Open source group OPNFV is taking a big step forward in the cloud-native direction with its latest release, Euphrates, announced today at the Open Network Summit Europe event in Prague. The release also brings to the fore more practical tools for real-world network deployments. (See OPNFV Starts Cloud-Native Trek With Euphrates.)
This fifth software release integrates Kubernetes and containers and the cross-community continuous integration (XCI) capabilities launched earlier this year, and delivers a pre-tested set of interoperable open source Network Functions Virtualization components that are the key pieces of a commercially deployable NFV-Infrastructure. On top of that are new test automation and performance tools for delivering "carrier-grade" reliability, says Heather Kirksey, director of the Open Platform for NFV Project Inc.
That's all a reflection of the fact that the integrated component stack on which OPNFV has focused is now actually moving into commercial deployment, she tells Light Reading in an interview.

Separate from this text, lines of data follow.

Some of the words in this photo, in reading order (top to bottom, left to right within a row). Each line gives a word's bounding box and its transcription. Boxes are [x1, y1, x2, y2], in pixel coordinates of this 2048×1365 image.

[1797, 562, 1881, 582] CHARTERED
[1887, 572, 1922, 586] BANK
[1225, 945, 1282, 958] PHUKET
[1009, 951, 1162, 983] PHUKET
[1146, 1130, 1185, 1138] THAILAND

"There are people out there with versions of these stacks -- OpenStack, Open Daylight, FD.io and DPDK -- on hardware that aligns with our hardware so basically, these integrated components are out there, whether or not companies are packaging and selling them as OPNFV from a project labeling perspective," Kirksey says. "This is becoming mature to the point where I think things are production-ready."
Euphrates marks major strides toward the cloud-native capabilities network operators say they want. Kirksey notes the architectural support OPNFV has built in around Kubernetes integration, alongside the support provided by some of the upstream components such as FD.io and OpenDaylight and the ability to do containerized OpenStack via Kolla, all advance the cloud-native agenda of fast, scalable, vendor-neutral deployments.
"We are able to deploy containerized OpenStack, which enables easier management of OpenStack," she comments. "Containers and Kubernetes are things that have been talking about being up for a while but we are seeing that being realized. The Kubernetes integration was a ground-zero requirement. We have laid the foundation and now it is up to us to start to see some cloud-native apps that we can start to run on there and do the infrastructure."
In combination with that is the XCI process, which enables a DevOps style of working with code across multiple communities so that, instead of always waiting for stable releases, it's possible to integrate OpenStack, FD.io and OpenDaylight and then get a daily feedback loop on any bugs or performance issues, then direct back into the community immediately, Kirksey says.
The other advantage of the push toward cloud-native is that it will lead OPNFV in the direction of edge computing, she adds.
"At the edge, you are thinking about devices with smaller capabilities than within the data center so certainly, support of lightweight control planes is important," Kirksey says. "One of the things I would like to see us do going forward is to start getting in some hardware that starts to look at what the service providers think they might have at the edge. Our test program right now is in a very data center-centric type of environment."
Rounding out Euphrates are some practical carrier-grade features and enhanced testing and integration capabilities. OPNFV has integrated the new Calipso project, and can provide new operational visibility into virtual networks.
"There are a couple of aspects to that -- one is the front end so we have integration with [Calipso] and the other is continuing work on what telemetry you need to be able to pull out of your infrastructure and that is where our Barometer and Doctor projects have been focused," Kirksey says. "So enabling the ability to get information and then feed it into various service-assurance and network modeling -- in the future, we would see that fitting into something like ONAP as well, with some of the various dashboards with ONAP."
Closer integration work with ONAP is likely to pick up after that open source group issues its first software release later this year, she says. Integration work should be part of ONAP's second release, to be dubbed Beijing, and OPNFV's Fraser release next year.
The enhanced testing and integration capabilities in Euphrates include new tools for testing the NFV cloud as well as individual VNFs and network services. There are two new projects in that space, Sample VNF, which tests the VIM and NFV-I layer and NFVBench which is and end-to-end benchmarking framework.